▸ **BRIEF**: An exact transcription of all the records is required, minus the images.

Content starts

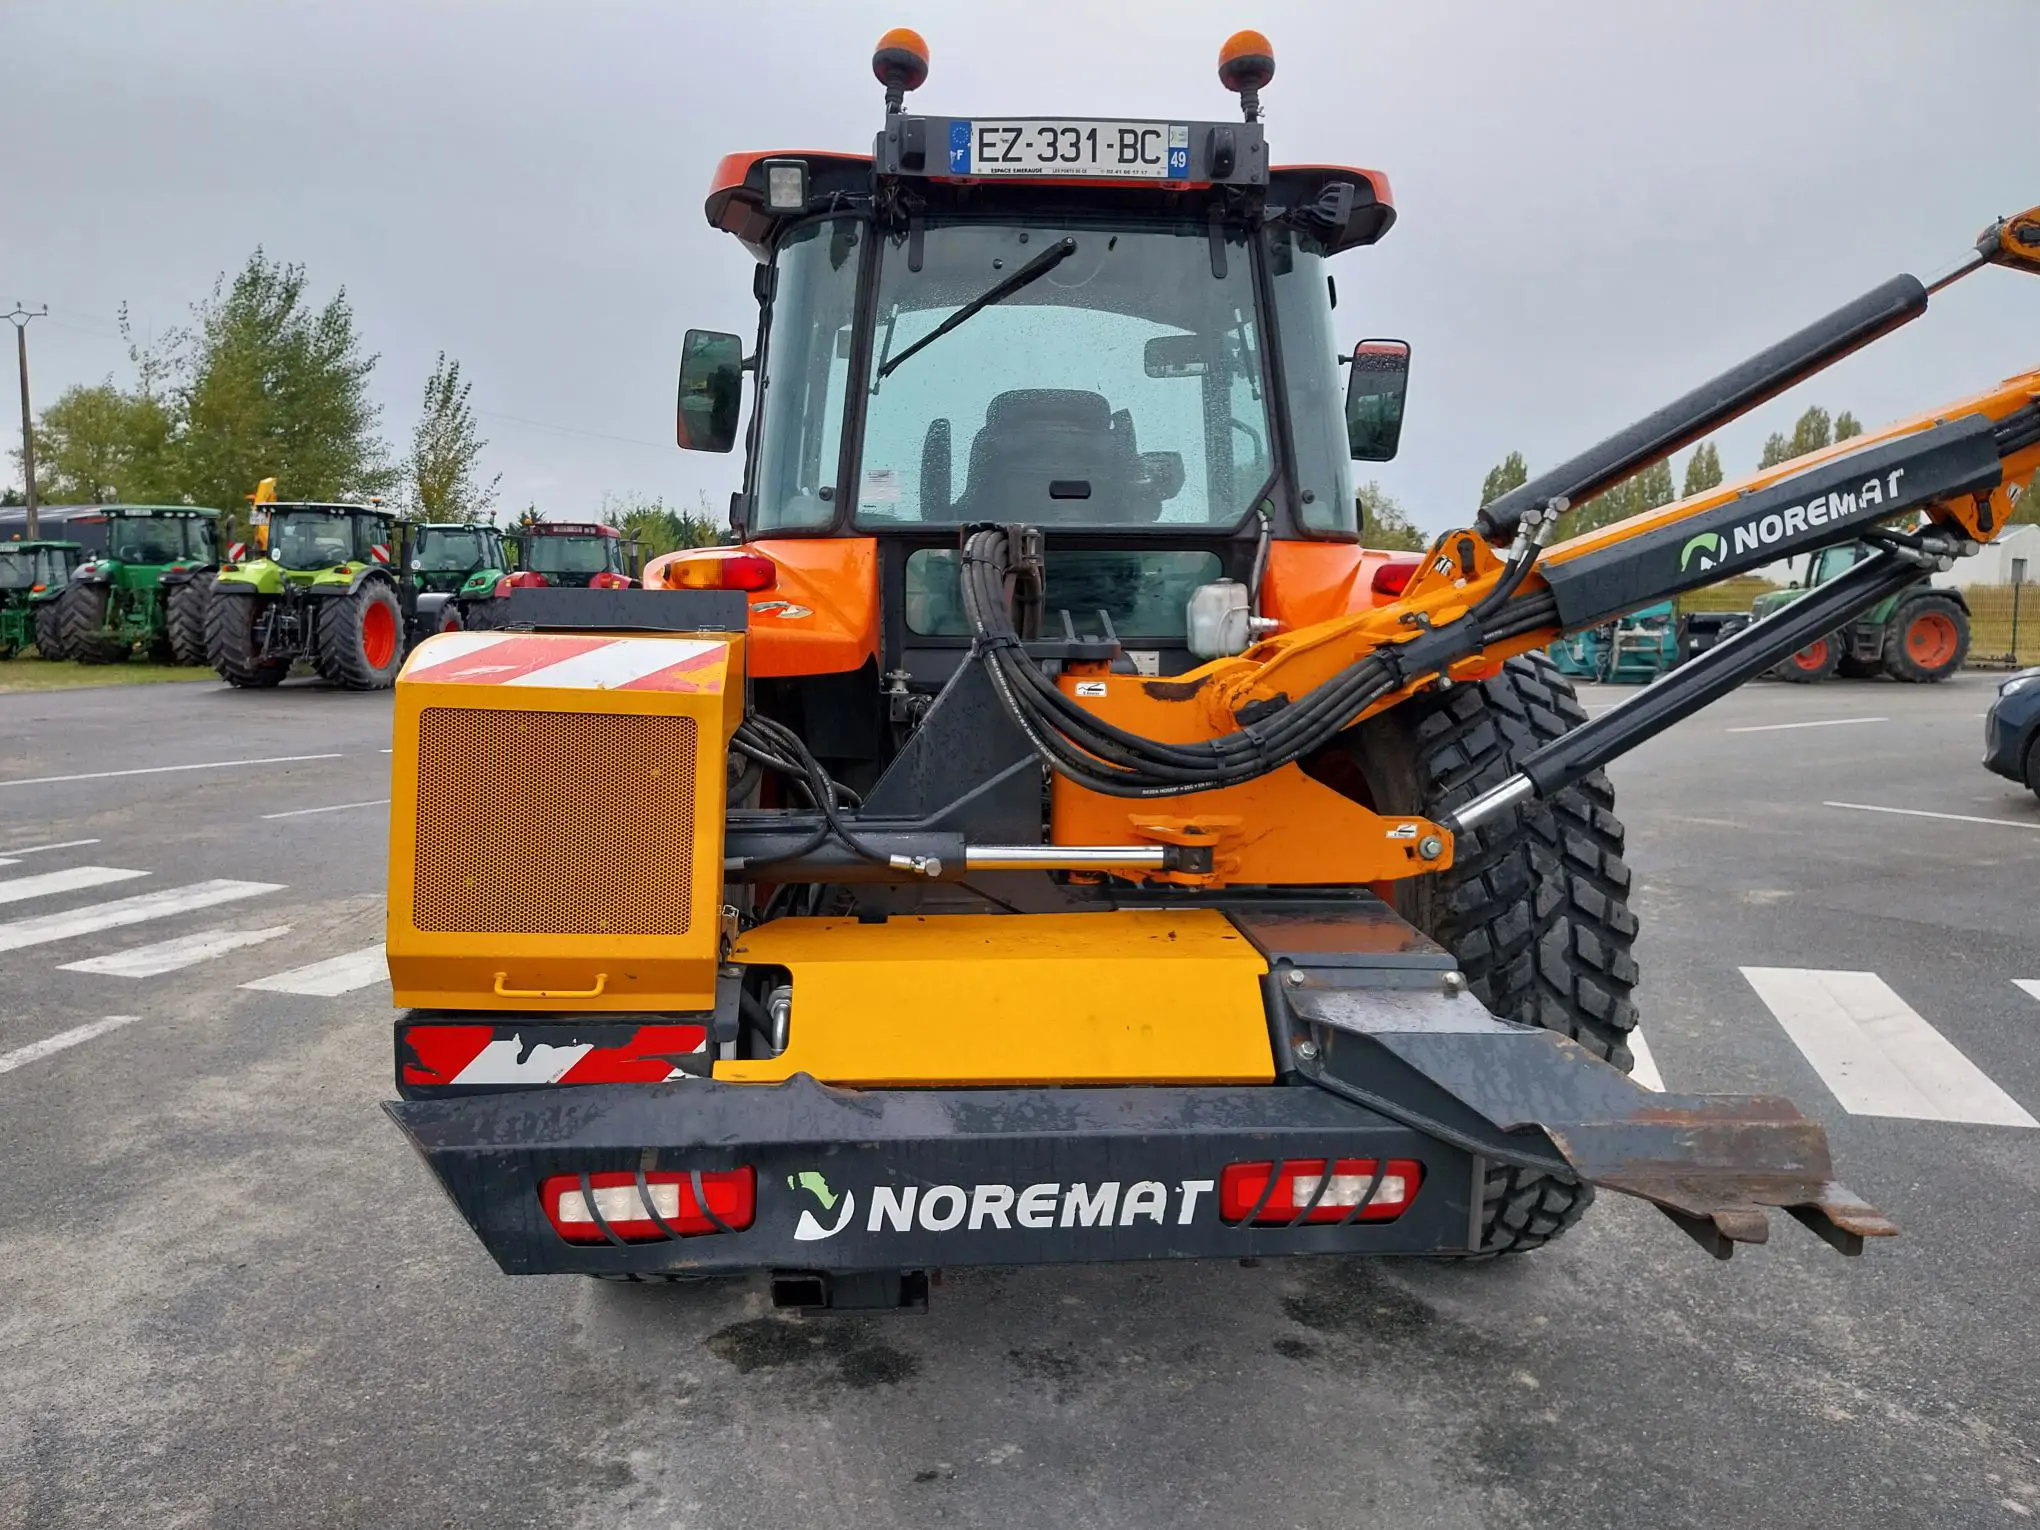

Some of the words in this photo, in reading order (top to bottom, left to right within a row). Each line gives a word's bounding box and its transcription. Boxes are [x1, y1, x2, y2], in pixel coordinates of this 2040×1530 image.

[957, 150, 964, 160] F
[979, 127, 1161, 164] EZ-331-BC
[1170, 151, 1186, 168] 49
[1733, 468, 1904, 554] NOREMAT
[867, 1179, 1215, 1232] NOREMAT

Content ends

▸ **EXPECTED ANSWER**:
Some of the words in this photo, in reading order (top to bottom, left to right within a row). Each line gives a word's bounding box and its transcription. Boxes are [x1, y1, x2, y2], in pixel coordinates of this 2040×1530 image.

[957, 150, 964, 160] F
[979, 127, 1161, 164] EZ-331-BC
[1170, 151, 1186, 168] 49
[1733, 468, 1904, 554] NOREMAT
[867, 1179, 1215, 1232] NOREMAT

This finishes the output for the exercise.